Dataset excerpts:
----------------

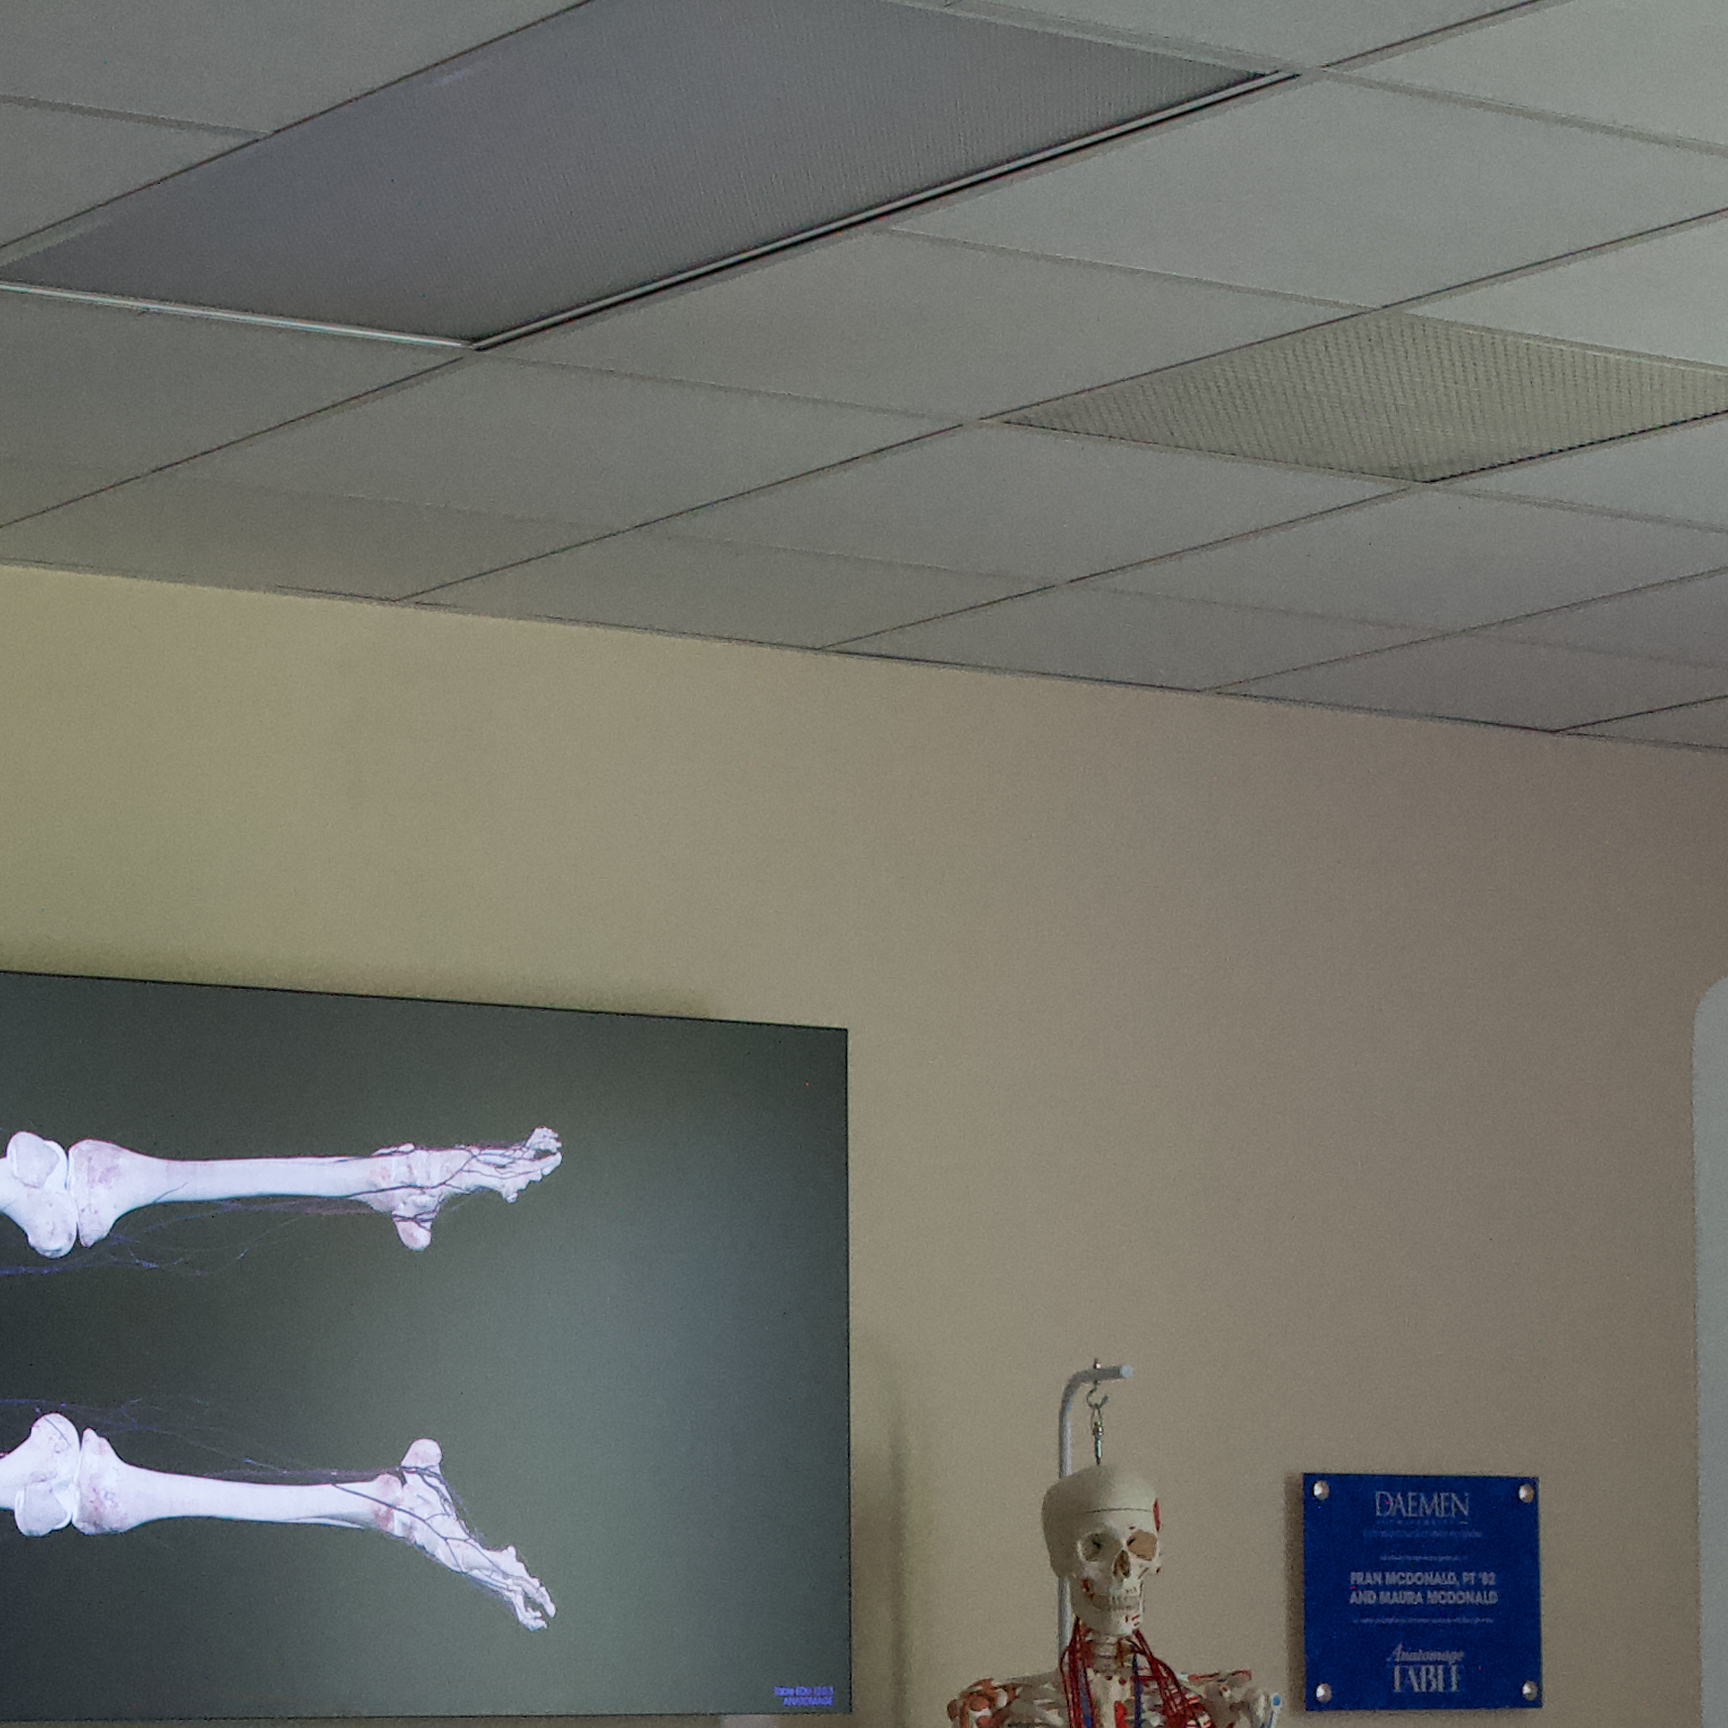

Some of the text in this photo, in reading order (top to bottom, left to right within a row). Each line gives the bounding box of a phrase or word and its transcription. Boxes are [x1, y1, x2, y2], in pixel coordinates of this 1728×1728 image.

[1375, 1491, 1469, 1518] DAEMEN
[1350, 1571, 1383, 1585] FRAN
[1462, 1571, 1477, 1585] PT
[1350, 1590, 1377, 1604] AND
[1426, 1590, 1498, 1604] MCDONALD

----------------

■ **Action item**:
In the copy, no pictures should appear; the records themselves must be repeated exactly.

■ **Task solution**:
Some of the text in this photo, in reading order (top to bottom, left to right within a row). Each line gives the bounding box of a phrase or word and its transcription. Boxes are [x1, y1, x2, y2], in pixel coordinates of this 1728×1728 image.

[1375, 1491, 1469, 1518] DAEMEN
[1350, 1571, 1383, 1585] FRAN
[1462, 1571, 1477, 1585] PT
[1350, 1590, 1377, 1604] AND
[1426, 1590, 1498, 1604] MCDONALD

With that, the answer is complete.